1. Donate Your Whole Body to Science

Cost: $0. Most universities and research centers will pick up the body and transport it to their facility at no cost to you within an amount of designated mileage.

Type: This one is for the altruists. Even though we're past the time when cadavers had to be snatched from cemeteries at night for the advancement of medicine, universities and research centers still want you under their scalpel.

Pros: "A leg can be sent to an orthopedic researcher, for instance," writes Tara Parker-Pope in the Wall Street Journal, "while a head can be studied by a neurosurgeon."

"The vast majority of the public has no sense of the breadth of uses for cadavers," says Mary Roach, author of Stiff: The Curious Lives of Human Cadavers. "The nitty, gritty reality is the body goes where it's needed, and sometimes that means you have to cut it into pieces. It's part of the respect of the person that you make the most of it."

"Some research doesn't involve cutting the body," adds Parker-Pope, "but rather studying how a body endures a car crash or whether safety equipment can protect a body from an explosion or fall."

Whole-body donations also help find cures. "Areas such as colon cancer, Alzheimer's disease, heart disease, cervical cancer, women's health care studies and spinal studies can only be advanced through the study of the human anatomy," notes LifeQuest Anatomical, a private company matching whole-body donors with research centers. "In the U.S.," adds LifeQuest, "950,000 people die every year of heart disease, 547,000 of cancer and 100,000 die from Alzheimer's disease."

Cons: To leave the unflattering realm of cadavers and be transformed into an anatomical gift, you have to meet high standards of admission: "Anything that destroys or distorts the normal anatomy of the body extensively can make it difficult to conduct meaningful anatomical study," states UCLA's body donation program, i.e. don't show up after an autopsy, if you died of a violent death, you weigh more than 250 pounds, you've already gifted your organs to other programs or you're in an advanced state of decomposition, among other disqualifying criteria.

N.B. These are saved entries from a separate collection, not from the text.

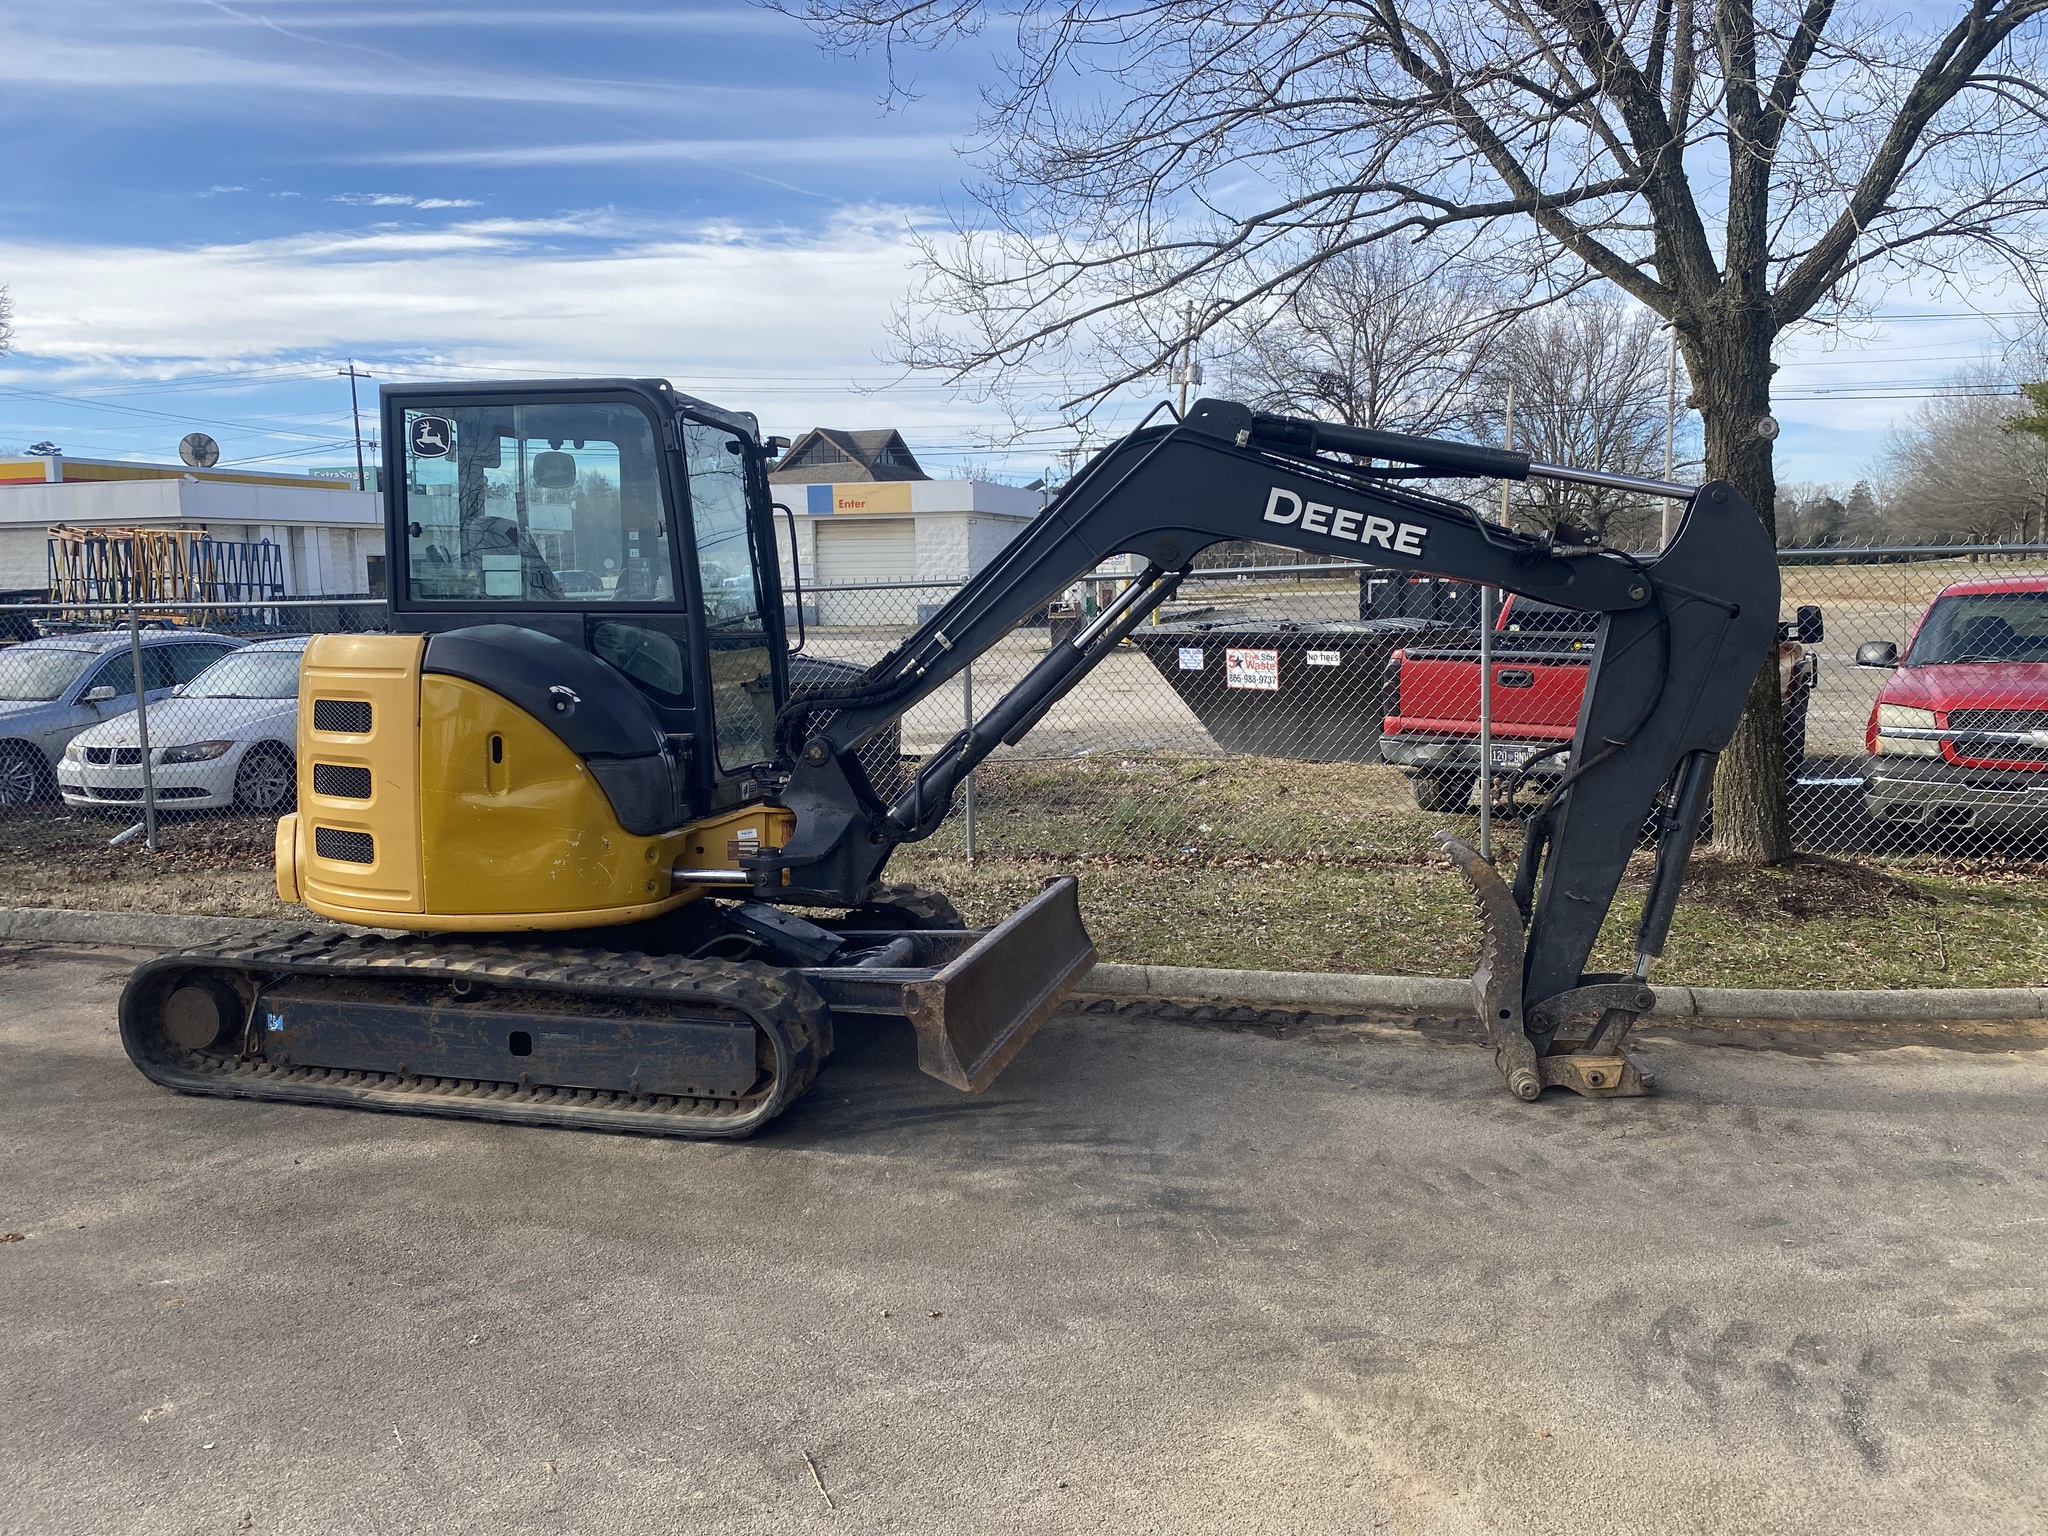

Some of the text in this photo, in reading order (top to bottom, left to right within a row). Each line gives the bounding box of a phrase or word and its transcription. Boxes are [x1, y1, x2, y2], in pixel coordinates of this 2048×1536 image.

[838, 499, 865, 508] Enter
[1263, 486, 1428, 556] DEERE
[1229, 655, 1236, 668] 5
[1245, 652, 1276, 661] Five Star
[1308, 653, 1318, 661] NO
[1245, 659, 1276, 671] Waste
[1493, 750, 1507, 761] 120

If you're a pacifist, you will want to make sure the program you are choosing will not use your body for military studies. If you're lucky, you will find an institution that will divulge what your body will be used for and where. High demand has led to the creation of a black market for body parts. Make sure your program's employees are subjected to the same high criteria of admission that your dead body is. However, in the case of past scandals, "while there were certainly ethical lapses and administrative mistakes," writes Parker-Pope, "all of the bodies were nonetheless used for legitimate medical research."